-- Exercise directions --
Below are some entries; write out each one of them exactly.

Spatial localization data:
● ● ●

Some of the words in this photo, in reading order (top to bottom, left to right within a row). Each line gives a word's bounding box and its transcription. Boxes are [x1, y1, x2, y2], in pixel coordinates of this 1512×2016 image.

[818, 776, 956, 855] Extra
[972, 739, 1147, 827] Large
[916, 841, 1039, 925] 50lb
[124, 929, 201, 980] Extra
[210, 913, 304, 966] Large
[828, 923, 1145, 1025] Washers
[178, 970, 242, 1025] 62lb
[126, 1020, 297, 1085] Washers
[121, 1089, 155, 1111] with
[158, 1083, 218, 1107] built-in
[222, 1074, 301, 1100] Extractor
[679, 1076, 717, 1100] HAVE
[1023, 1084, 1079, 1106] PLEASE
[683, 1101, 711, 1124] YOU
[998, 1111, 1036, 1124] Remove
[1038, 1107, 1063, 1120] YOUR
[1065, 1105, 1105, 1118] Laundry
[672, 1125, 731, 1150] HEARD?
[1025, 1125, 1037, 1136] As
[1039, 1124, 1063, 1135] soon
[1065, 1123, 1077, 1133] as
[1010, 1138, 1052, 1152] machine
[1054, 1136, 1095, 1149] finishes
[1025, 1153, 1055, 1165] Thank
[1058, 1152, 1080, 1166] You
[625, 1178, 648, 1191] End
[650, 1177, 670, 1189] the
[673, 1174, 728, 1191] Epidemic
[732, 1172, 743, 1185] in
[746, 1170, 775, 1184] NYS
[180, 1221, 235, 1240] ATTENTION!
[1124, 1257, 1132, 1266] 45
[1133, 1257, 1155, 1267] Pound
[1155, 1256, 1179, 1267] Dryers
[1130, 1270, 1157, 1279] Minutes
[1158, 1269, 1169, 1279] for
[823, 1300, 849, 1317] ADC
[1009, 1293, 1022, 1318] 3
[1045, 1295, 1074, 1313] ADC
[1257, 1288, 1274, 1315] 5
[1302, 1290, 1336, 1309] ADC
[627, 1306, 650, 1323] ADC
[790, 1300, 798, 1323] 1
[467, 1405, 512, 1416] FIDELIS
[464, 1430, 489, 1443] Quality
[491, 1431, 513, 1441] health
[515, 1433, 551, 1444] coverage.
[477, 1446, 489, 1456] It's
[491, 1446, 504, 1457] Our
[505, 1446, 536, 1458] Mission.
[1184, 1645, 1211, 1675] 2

● ● ●

-- Answer space --
Some of the words in this photo, in reading order (top to bottom, left to right within a row). Each line gives a word's bounding box and its transcription. Boxes are [x1, y1, x2, y2], in pixel coordinates of this 1512×2016 image.

[818, 776, 956, 855] Extra
[972, 739, 1147, 827] Large
[916, 841, 1039, 925] 50lb
[124, 929, 201, 980] Extra
[210, 913, 304, 966] Large
[828, 923, 1145, 1025] Washers
[178, 970, 242, 1025] 62lb
[126, 1020, 297, 1085] Washers
[121, 1089, 155, 1111] with
[158, 1083, 218, 1107] built-in
[222, 1074, 301, 1100] Extractor
[679, 1076, 717, 1100] HAVE
[1023, 1084, 1079, 1106] PLEASE
[683, 1101, 711, 1124] YOU
[998, 1111, 1036, 1124] Remove
[1038, 1107, 1063, 1120] YOUR
[1065, 1105, 1105, 1118] Laundry
[672, 1125, 731, 1150] HEARD?
[1025, 1125, 1037, 1136] As
[1039, 1124, 1063, 1135] soon
[1065, 1123, 1077, 1133] as
[1010, 1138, 1052, 1152] machine
[1054, 1136, 1095, 1149] finishes
[1025, 1153, 1055, 1165] Thank
[1058, 1152, 1080, 1166] You
[625, 1178, 648, 1191] End
[650, 1177, 670, 1189] the
[673, 1174, 728, 1191] Epidemic
[732, 1172, 743, 1185] in
[746, 1170, 775, 1184] NYS
[180, 1221, 235, 1240] ATTENTION!
[1124, 1257, 1132, 1266] 45
[1133, 1257, 1155, 1267] Pound
[1155, 1256, 1179, 1267] Dryers
[1130, 1270, 1157, 1279] Minutes
[1158, 1269, 1169, 1279] for
[823, 1300, 849, 1317] ADC
[1009, 1293, 1022, 1318] 3
[1045, 1295, 1074, 1313] ADC
[1257, 1288, 1274, 1315] 5
[1302, 1290, 1336, 1309] ADC
[627, 1306, 650, 1323] ADC
[790, 1300, 798, 1323] 1
[467, 1405, 512, 1416] FIDELIS
[464, 1430, 489, 1443] Quality
[491, 1431, 513, 1441] health
[515, 1433, 551, 1444] coverage.
[477, 1446, 489, 1456] It's
[491, 1446, 504, 1457] Our
[505, 1446, 536, 1458] Mission.
[1184, 1645, 1211, 1675] 2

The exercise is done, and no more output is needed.